“Dubai is the Wild West,” says Tony Habre, smiling. “In Dubai you either make it or you fail; there is no gray zone. You have to be perfect at everything.” The CEO of Addmind hospitality group is currently making it, operating some of the city’s most well-known restaurants and entertainment venues. But he has teetered on the edge of failure before, and he doesn’t want to go back there.

In May 2020, during COVID-19 lockdowns, the business outlook was bleak and, according to a survey by the Dubai Chamber of Commerce, half of restaurants and hotels expected to go out of business within months. Dine-in revenues fell by 52% in March 2020, according to a survey by JLL, an industry consultancy. Habre had just opened three new venues: Paradise beach club and restaurants Iris and La -Mezcaleria. Paradise closed permanently, but the two restaurants reopened after the lockdown and have survived. Keeping venues afloat took tremendous creativity. “The first moments of COVID were crazy and terrifying,” Habre says. But they adapted, and to keep business going, Habre and his team started doing deliveries from their restaurants and pop-ups serving food and drinks, and kept an active social media presence to stay connected to customers. “I think survival is the essence of creativity, and we were beyond creative during COVID,” he says.

That creativity got Addmind—and Dubai—back into expansion mode. Habre plans to open three more eateries in Dubai this year: Babylon and Raspoutine in Dubai International Financial Center (DIFC), as well as Leña on the Palm. All three are apt to be as influential on the local nightlife landscape as his past ventures have been.

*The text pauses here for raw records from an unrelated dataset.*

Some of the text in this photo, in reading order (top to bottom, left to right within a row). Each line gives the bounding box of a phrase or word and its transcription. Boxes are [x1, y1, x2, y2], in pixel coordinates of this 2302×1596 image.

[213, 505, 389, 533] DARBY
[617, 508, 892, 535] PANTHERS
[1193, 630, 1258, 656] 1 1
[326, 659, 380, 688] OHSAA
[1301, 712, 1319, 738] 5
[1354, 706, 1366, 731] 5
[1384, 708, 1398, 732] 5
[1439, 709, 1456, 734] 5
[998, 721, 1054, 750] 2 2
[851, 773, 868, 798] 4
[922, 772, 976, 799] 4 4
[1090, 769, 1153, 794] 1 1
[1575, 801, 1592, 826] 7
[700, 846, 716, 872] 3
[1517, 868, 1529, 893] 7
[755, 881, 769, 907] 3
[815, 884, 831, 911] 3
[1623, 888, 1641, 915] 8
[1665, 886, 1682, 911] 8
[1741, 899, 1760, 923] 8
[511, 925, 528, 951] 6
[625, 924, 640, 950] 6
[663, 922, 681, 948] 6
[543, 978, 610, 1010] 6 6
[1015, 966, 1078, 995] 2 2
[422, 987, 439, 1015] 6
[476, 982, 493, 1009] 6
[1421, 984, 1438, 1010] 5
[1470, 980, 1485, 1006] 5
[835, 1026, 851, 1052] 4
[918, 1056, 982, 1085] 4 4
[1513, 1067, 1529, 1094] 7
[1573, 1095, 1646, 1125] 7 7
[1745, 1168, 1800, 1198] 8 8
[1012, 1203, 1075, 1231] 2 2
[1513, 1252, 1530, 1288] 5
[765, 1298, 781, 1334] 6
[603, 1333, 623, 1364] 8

Habre opened his first nightclub, Pulse, in 2001 in his native city of Beirut, and two years later he set up Addmind to create brands around the venues he was planning to open. Although quality is essential to the success of any metropolitan venue, Habre says social media and marketing have been just as vital, if not more so. It has been a way for Add-mind to connect with customers, many of whom are “communities of hyper-connected world travelers.” Each venue has its own unique identity on social media to “keep the conversation going” after a guest visits.

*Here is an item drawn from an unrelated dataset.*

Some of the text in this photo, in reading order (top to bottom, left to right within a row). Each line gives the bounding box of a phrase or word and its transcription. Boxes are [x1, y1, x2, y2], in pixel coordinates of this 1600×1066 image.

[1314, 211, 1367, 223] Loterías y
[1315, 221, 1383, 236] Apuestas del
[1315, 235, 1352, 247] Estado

Addmind brought what Habre describes as “a flavor” to the entertainment scene in Beirut and in 2013, he opened his first venue in Dubai. “This is where I always wanted to be because it’s the strongest international city in the region for hospitality,” he says. Now Add-mind operates more than 20 restaurants, bars, and clubs in Dubai, London, Qatar, Bahrain, Abu Dhabi, and Beirut. They have a reputation for combining quality food with creativity and theatrics—dramatic interiors with glass decanters dangling from the ceiling, open kitchens with up to 30 chefs, waterfalls, and roof–terrace venues overlooking the Dubai skyline.

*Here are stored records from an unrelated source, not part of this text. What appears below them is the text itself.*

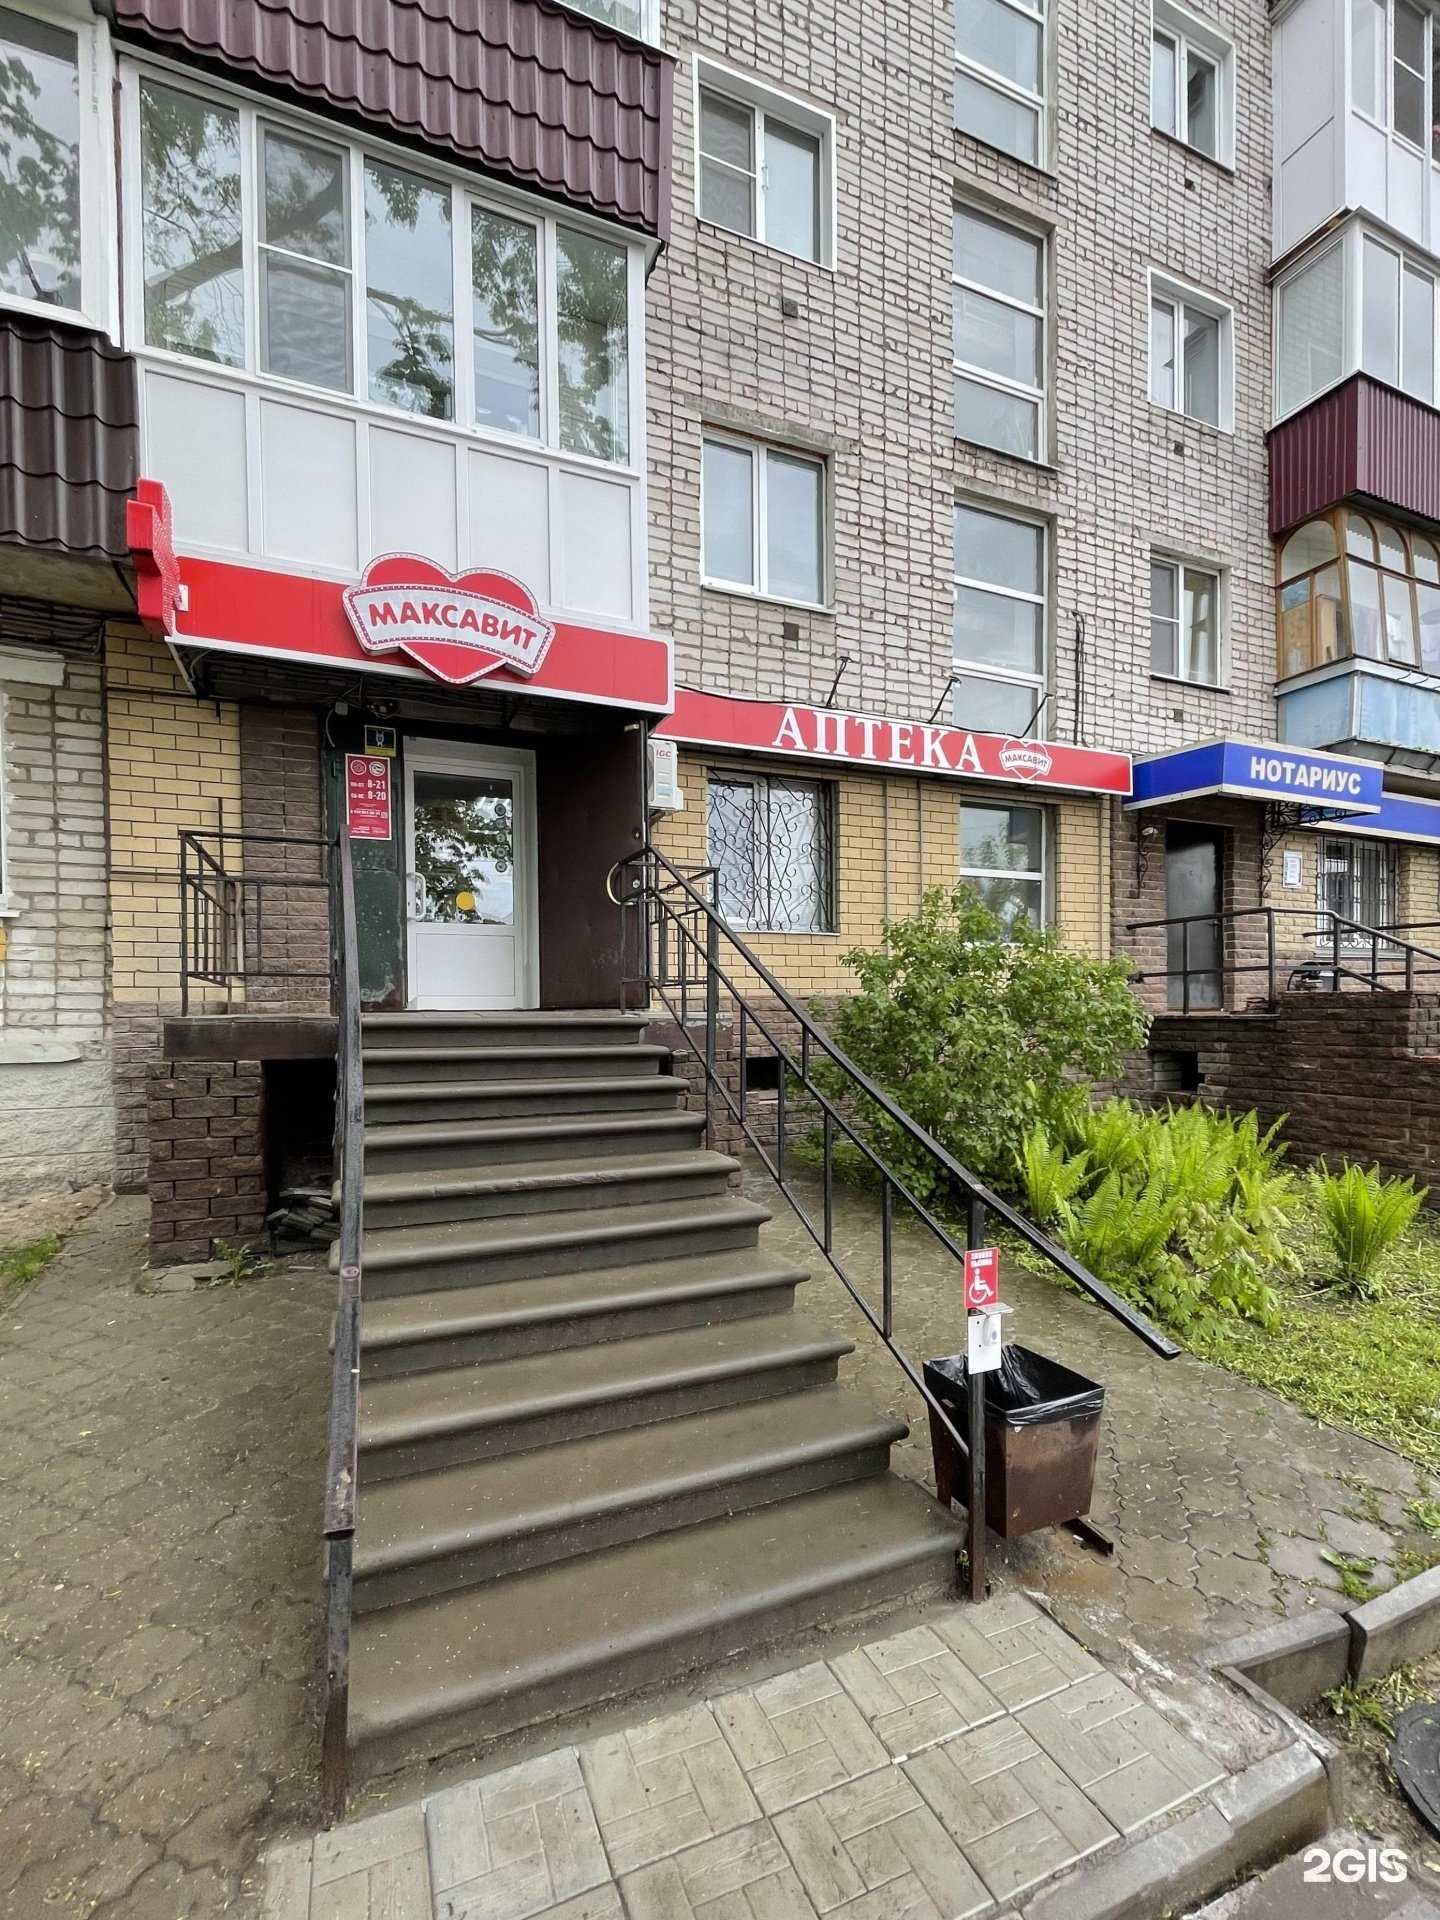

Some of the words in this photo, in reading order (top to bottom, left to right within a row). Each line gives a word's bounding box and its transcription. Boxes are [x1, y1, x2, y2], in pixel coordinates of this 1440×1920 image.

[368, 601, 538, 650] МАКСАВИТ
[656, 749, 672, 758] IGC
[771, 707, 985, 773] АПТЕКА
[1004, 753, 1048, 768] МАКСАВИТ
[1250, 756, 1362, 795] НОТАРИУС
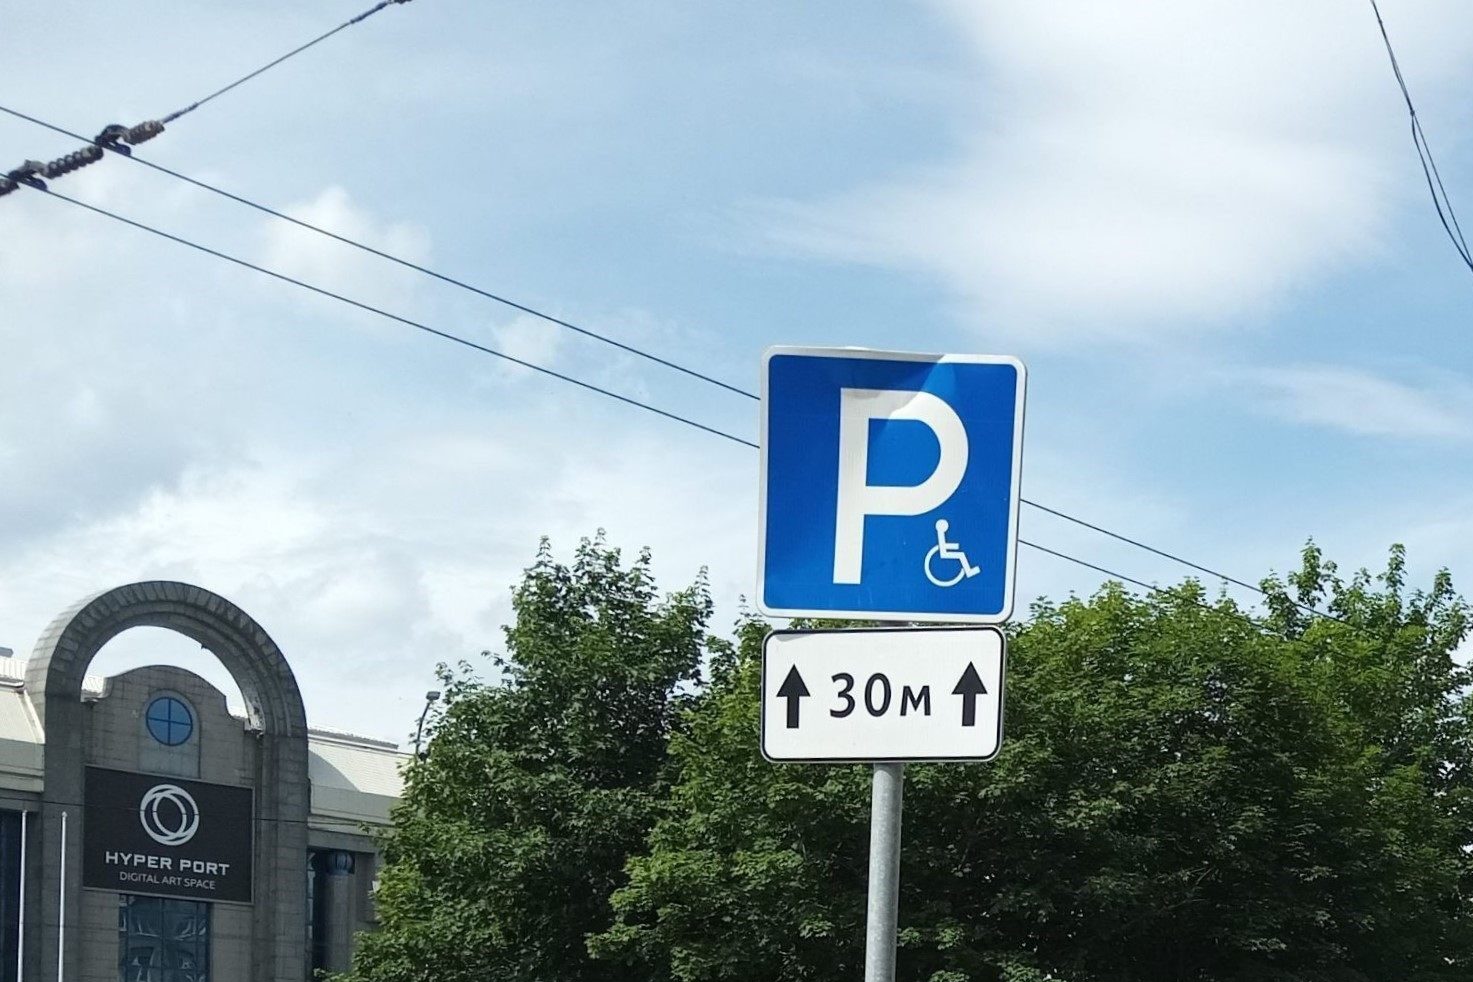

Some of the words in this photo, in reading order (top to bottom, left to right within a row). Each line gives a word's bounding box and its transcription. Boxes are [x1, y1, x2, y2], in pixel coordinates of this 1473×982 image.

[833, 387, 969, 584] P
[105, 851, 172, 870] HYPER
[179, 859, 230, 876] PORT
[119, 871, 159, 884] DIGITAL
[162, 876, 181, 886] ART
[184, 879, 216, 890] SPACE

“They attract the right crowd from the beginning, and the entertainment offering is always on point,” says Yousra Zaki, editor of Caterer Middle East magazine.

Although restaurants open at an astonishing pace in Dubai, they turn over just as quickly, with high rents meaning a business needs to be a fast success. Habre never lets his guard down. “You have to be quick, you have to follow the trends, you have to know what’s the next thing,” he says.

The next thing for Addmind is to continue expansion internationally in London but still with a focus on Dubai. “This city makes you hungry for more,” he says. “It never stops.”